En su opinión, esta alumna aventajada, que compagina sus entrenamientos con el equipo infantil y el conjunto de competición, “ha sido de las personas que más ha evolucionado de toda la sección”. “Empezó sin saber nada y ahora mismo va a luchar por dar el salto al cinturón marrón; su progresión ha sido muy grande”, apunta, al tiempo que subraya sus buenas cualidades. “El judo es un deporte muy completo, pero también muy complicado, y son fundamentales tanto la constancia como el esfuerzo. Para que las cosas te vayan bien en el judo, tienes que meter muchas horas y nunca bajar el listón”, añade.
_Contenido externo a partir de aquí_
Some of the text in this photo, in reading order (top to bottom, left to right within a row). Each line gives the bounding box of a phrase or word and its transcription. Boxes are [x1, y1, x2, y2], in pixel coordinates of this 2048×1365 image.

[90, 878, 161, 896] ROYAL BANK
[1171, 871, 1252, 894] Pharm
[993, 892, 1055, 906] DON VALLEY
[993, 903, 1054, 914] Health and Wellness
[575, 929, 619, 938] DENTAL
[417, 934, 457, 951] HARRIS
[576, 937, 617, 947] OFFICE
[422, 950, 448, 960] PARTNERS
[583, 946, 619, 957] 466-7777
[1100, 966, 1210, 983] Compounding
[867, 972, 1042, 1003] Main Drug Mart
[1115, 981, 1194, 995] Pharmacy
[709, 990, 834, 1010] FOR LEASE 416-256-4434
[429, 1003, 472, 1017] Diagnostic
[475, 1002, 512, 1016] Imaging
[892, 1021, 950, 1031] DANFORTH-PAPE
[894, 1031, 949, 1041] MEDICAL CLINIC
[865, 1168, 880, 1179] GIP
Si echa la vista atrás, lo que más recuerda Miren es su primera competición, la de los Juegos Deportivos de Navarra de primer año de alevín que, a la postre, terminaría venciendo. Una increíble carta de presentación. “Al entrar en el tatami, siempre estás nerviosa. Pero también eufórica, porque quieres empezar cuanto antes y mostrar todo lo que has aprendido. En estos seis años, me siento muy orgullosa de todo lo que he mejorado“, reflexiona.

Con 13 años, aún le queda lejos plantearse si quiere desarrollarse en el judo de manera profesional. “Por ahora -dice-, entreno tres días a la semana. Es duro, pero, al final, te acostumbras”. Y de momento, cursando 2º de la ESO, indica que puede compaginar bien los estudios con los entrenamientos. “Lo que más valoro de practicar el judo en Anaitasuna es todo el apoyo que me dan mis amigos y mi entrenador“, afirma.
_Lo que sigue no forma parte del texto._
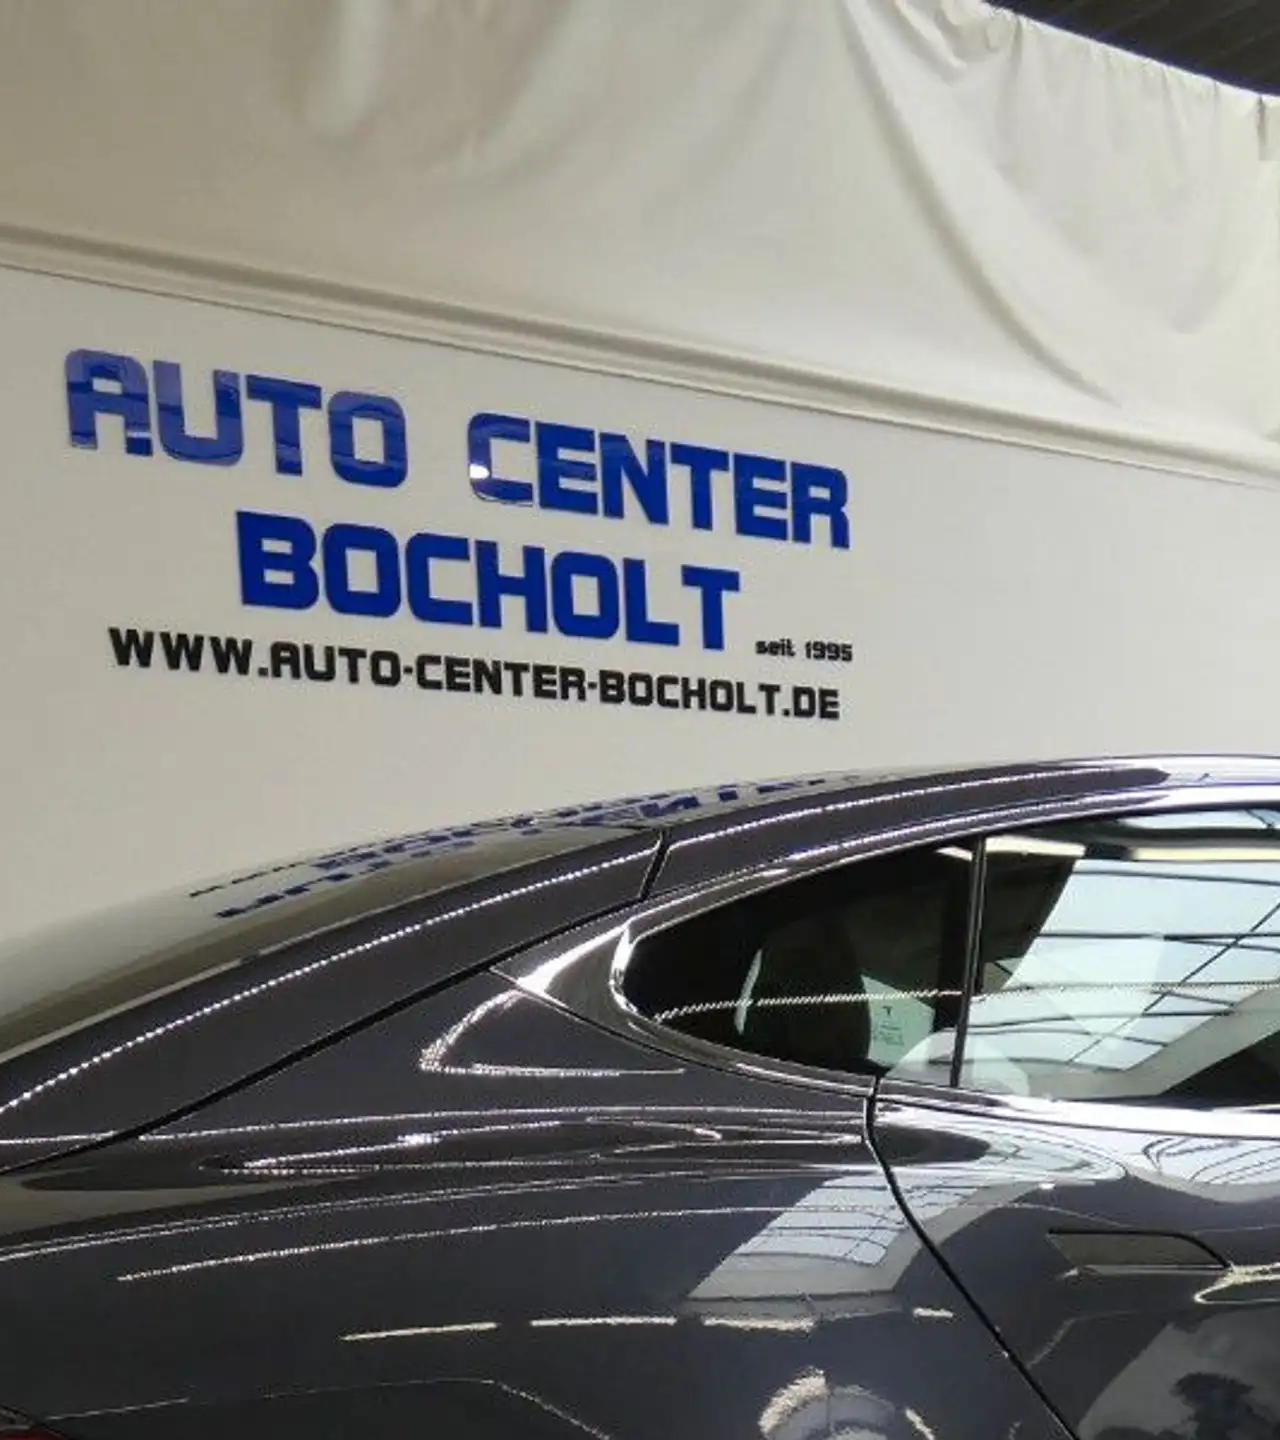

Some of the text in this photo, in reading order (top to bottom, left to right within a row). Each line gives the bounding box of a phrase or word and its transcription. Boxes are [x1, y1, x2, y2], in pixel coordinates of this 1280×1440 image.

[66, 349, 851, 550] AUTO CENTER
[237, 511, 741, 652] BOCHOLT
[108, 627, 840, 720] WWW.AUTO-CENTER-BOCHOLT.DE
[755, 638, 853, 662] seit 1995
La sección se encuentra, además, en auge, ya que estos dos últimos años ha experimentando un repunte. “Ahora mismo, tenemos a 110 judokas. Para un deporte minoritario como es el judo, es una cifra muy respetable. Veníamos de una tendencia a la baja, pero la pandemia, a diferencia de lo que pueda parecer, nos ha permitido subir en número de participantes. Y esto es debido a que hemos hecho un gran trabajo para adaptarnos y cumplir con toda la normativa, reduciendo grupos, adoptando medidas de prevención contundentes…, lo que ha hecho que la gente confíe en nosotros y en nuestro sistema. Esperemos seguir así y que continuemos creciendo”, manifiesta Hernández.

En ese futuro, tendrá mucho que decir Miren. “Lo que más me costó aprender fue la técnica, porque, después, aplicarla cuesta poco. Sin embargo, con constancia y esfuerzo, todo se saca adelante“, sentencia. Esas son, sin duda, sus señas de identidad.